Sejak tahun 2024, pemerintah Indonesia telah memutuskan untuk menggantikan fotokopi KTP dengan sistem identitas digital. Keputusan ini menjadi berita hangat sepanjang tahun dan memberikan kenyamanan bagi warga Indonesia dalam mengakses berbagai layanan. Asisten Deputi Perumusan Kebijakan dan Koordinasi Penerapan SPBE, Cahyono Tri Birowo, menegaskan pentingnya integrasi data pemerintah untuk memberikan manfaat maksimal bagi masyarakat. Dengan adanya digital ID, warga tidak lagi perlu menunjukkan KTP atau fotokopi KTP untuk layanan seperti mendaftar di rumah sakit atau menerima bantuan pemerintah.

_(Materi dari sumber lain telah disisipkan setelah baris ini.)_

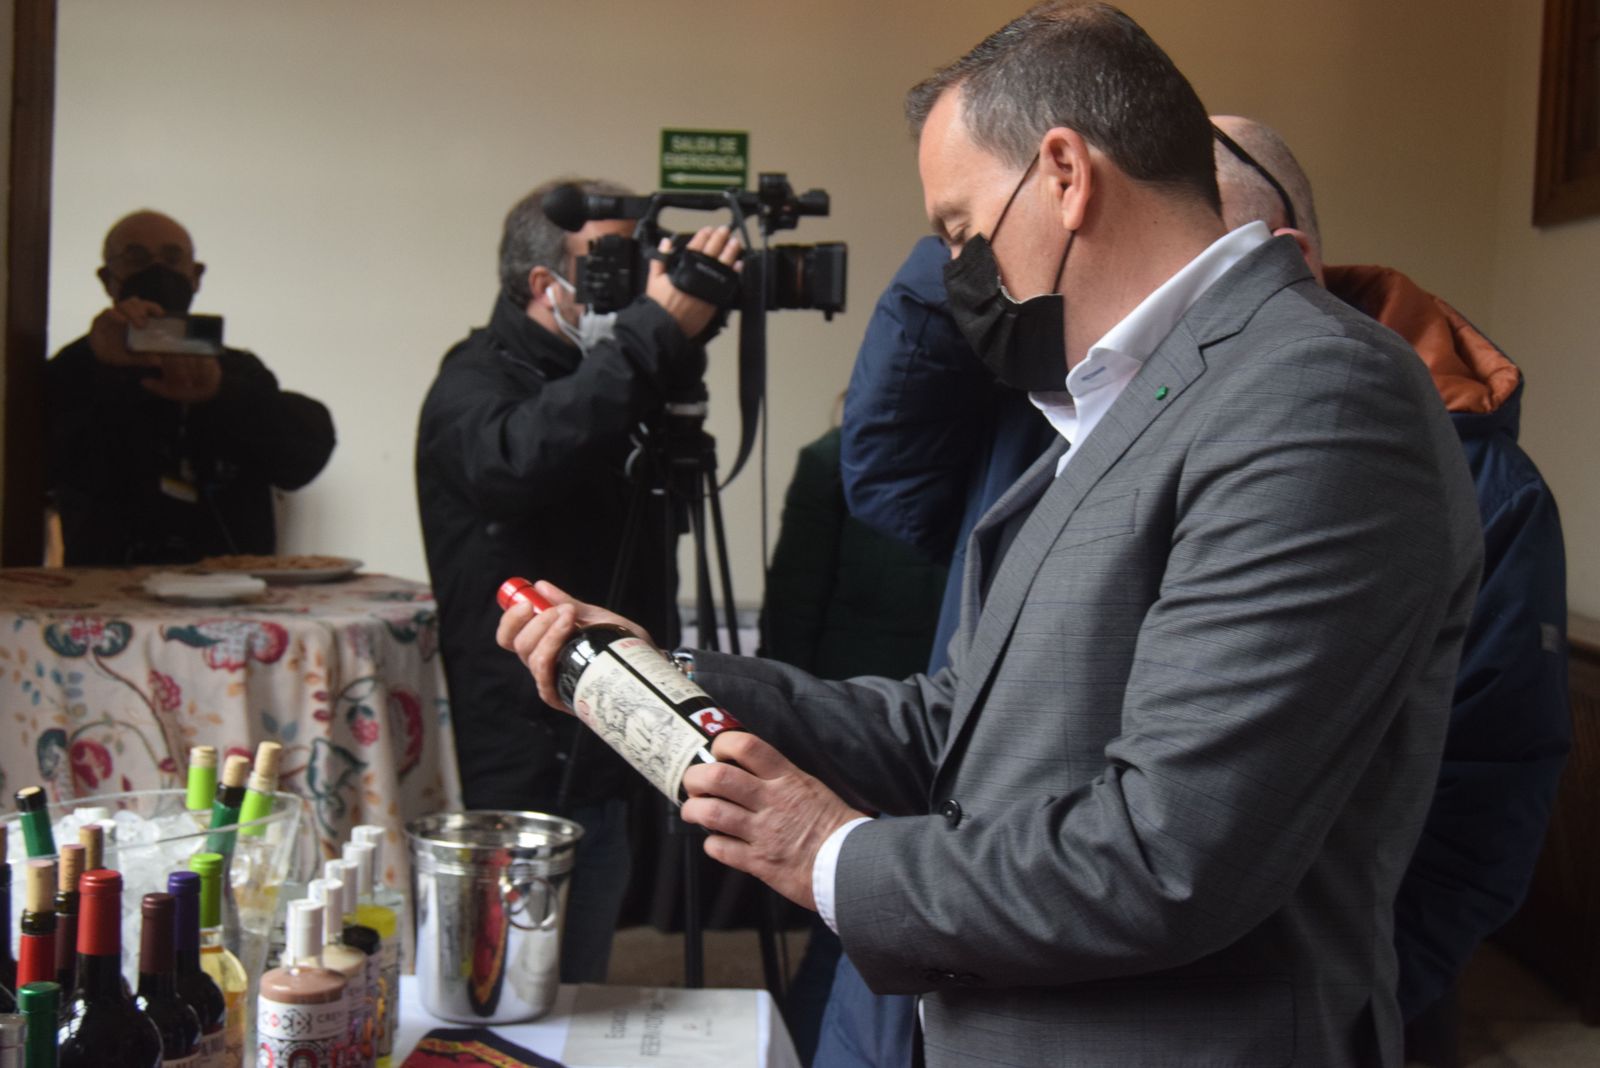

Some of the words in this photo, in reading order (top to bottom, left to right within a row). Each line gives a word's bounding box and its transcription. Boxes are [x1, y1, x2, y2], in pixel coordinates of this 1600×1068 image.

[671, 135, 717, 152] SALIDA
[719, 137, 737, 153] DE
[663, 153, 743, 170] EMERGENCIA
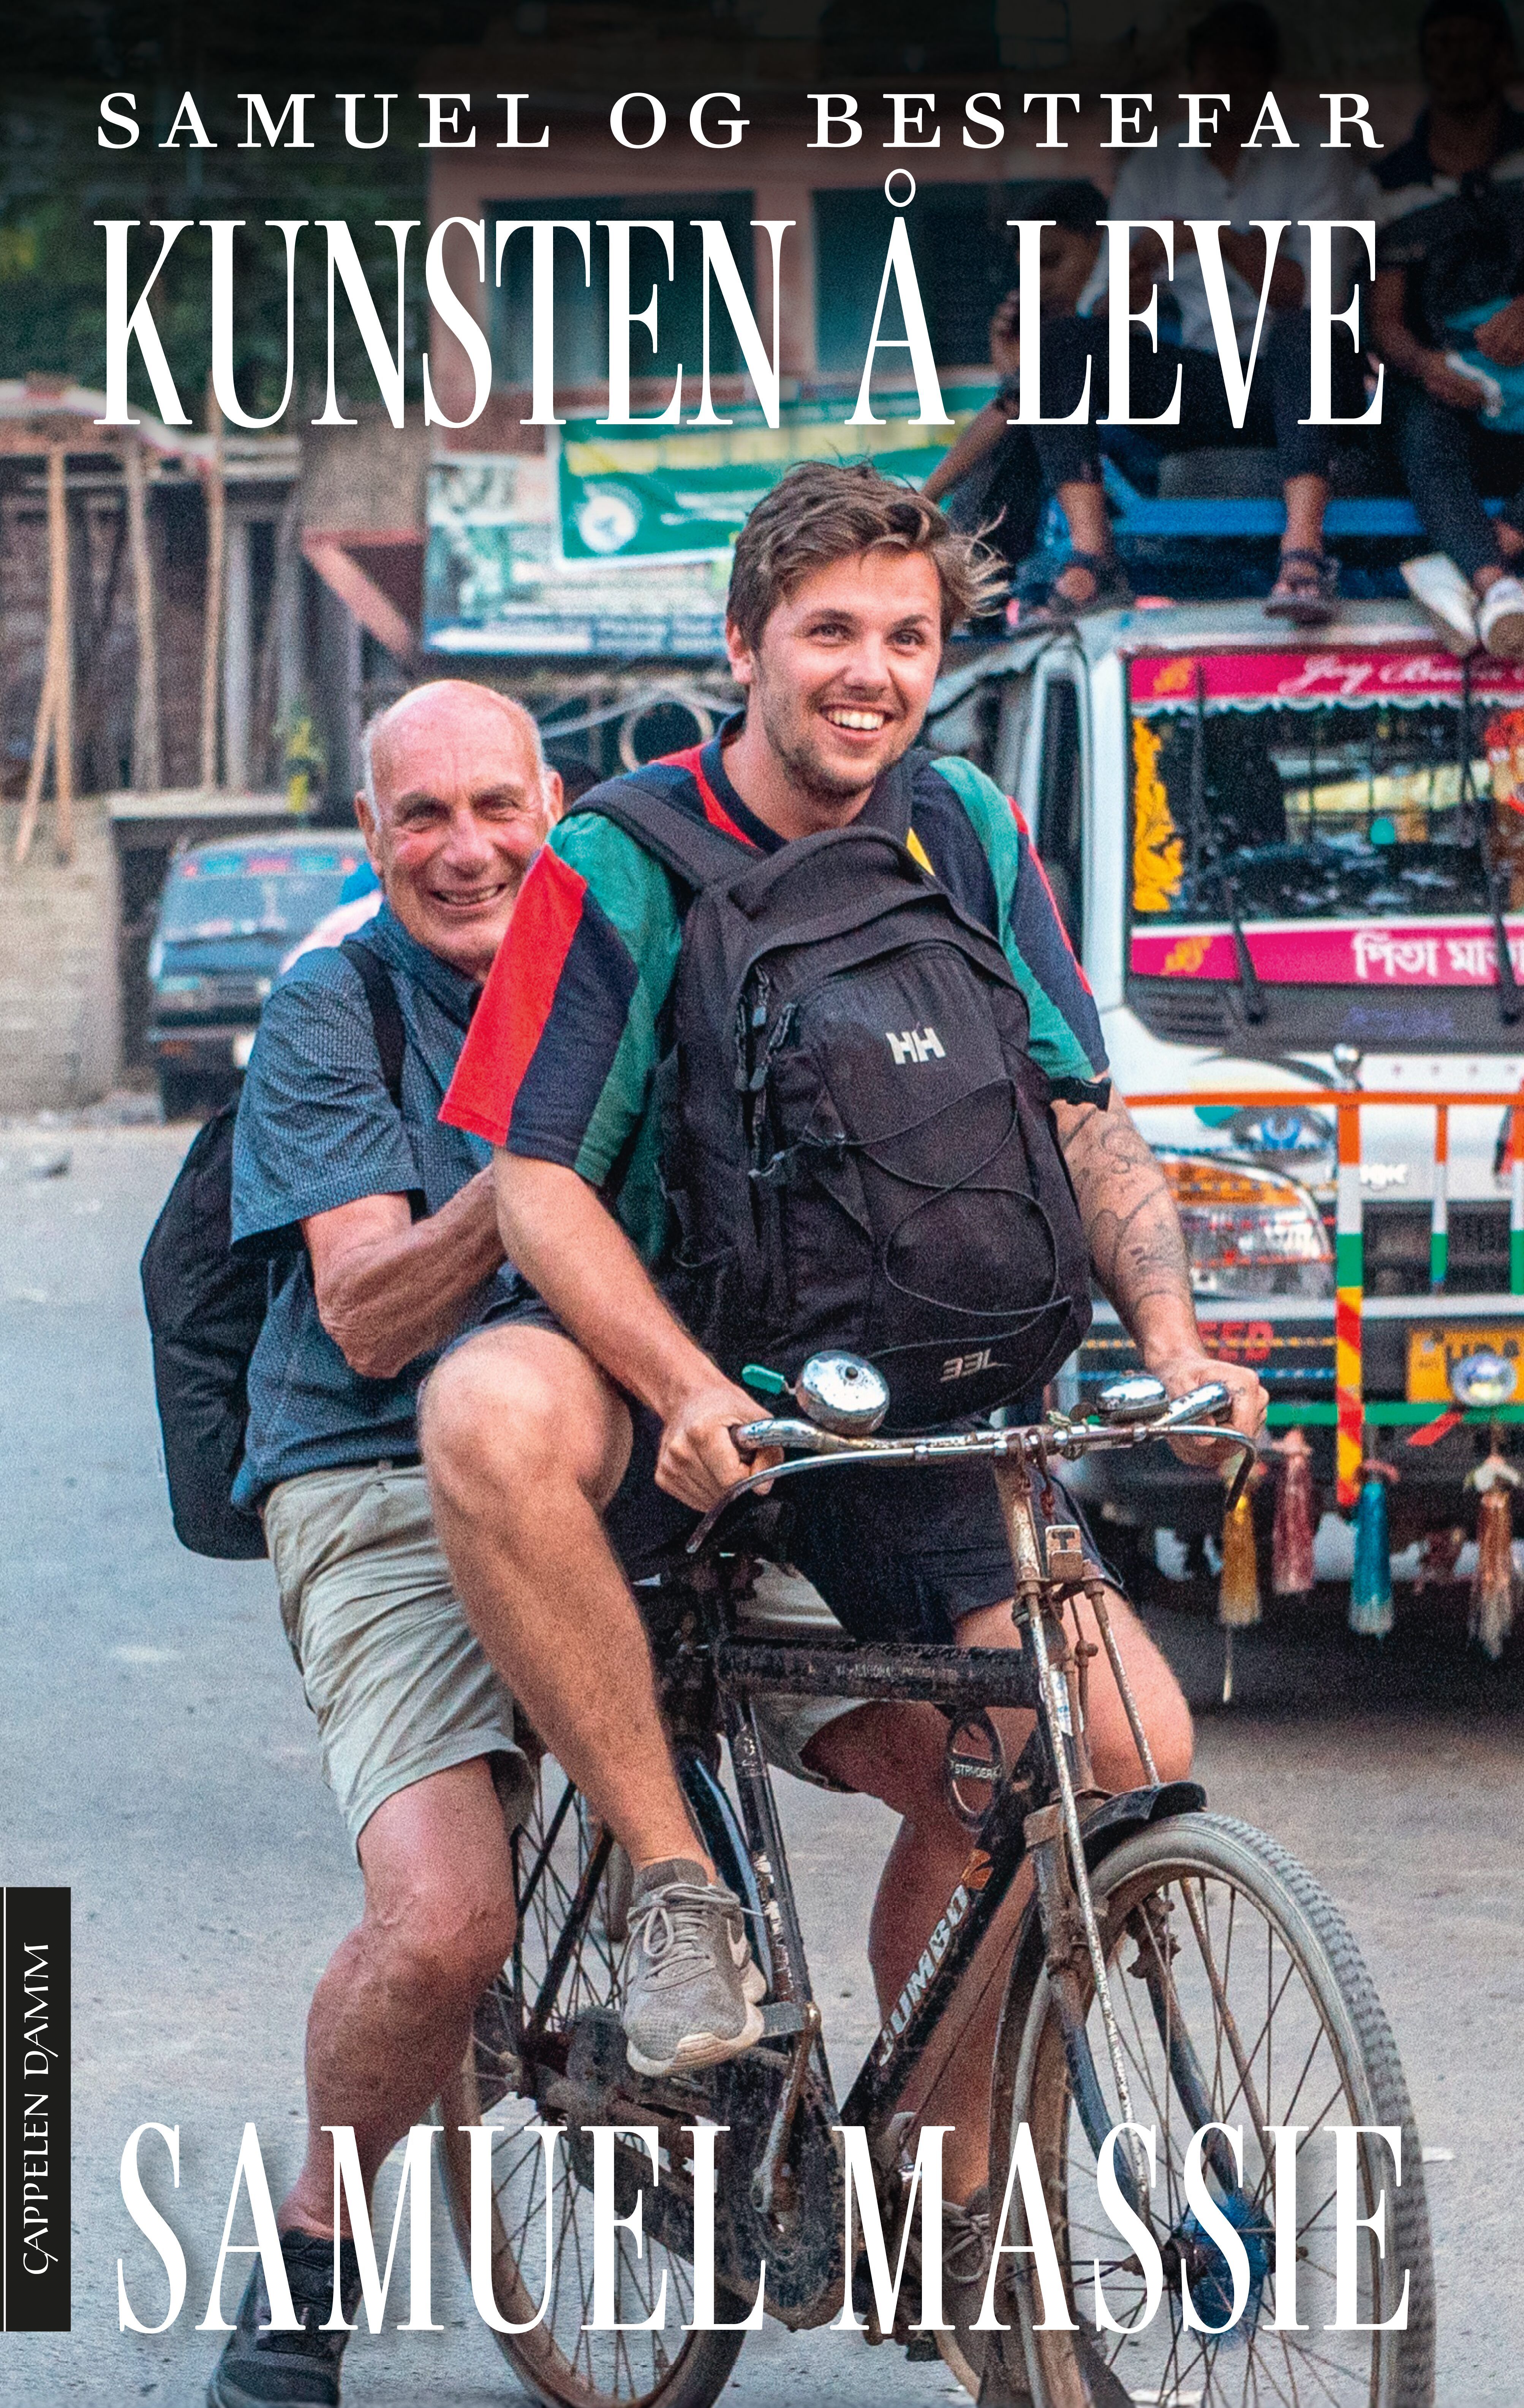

Proses autentikasi akan menjadi lebih efisien dengan data yang terintegrasi sehingga warga tidak perlu melakukan proses yang sama berulang kali. Integrasi data pemerintah akan dilakukan melalui Pusat Data Nasional (PDN) dengan tujuan meningkatkan efisiensi dan kualitas layanan publik. Pemerintah juga tengah mempersiapkan Peraturan Menteri Komunikasi dan Informatika mengenai Penyelenggara Sistem Elektronik (PSE) untuk mengatur tata kelola klasifikasi data secara komprehensif.
Diharapkan bahwa PDN dapat menjadi infrastruktur yang menopang integrasi dan interoperabilitas sistem dan data pemerintah, sehingga kualitas layanan publik dan pengambilan kebijakan dapat ditingkatkan. Saat ini, proses konsolidasi data pemerintah dilakukan secara bertahap dengan dukungan penyimpanan data pada pusat data nasional sementara. Integrasi data pemerintah merupakan langkah penting menuju layanan publik yang lebih efisien dan berkualitas.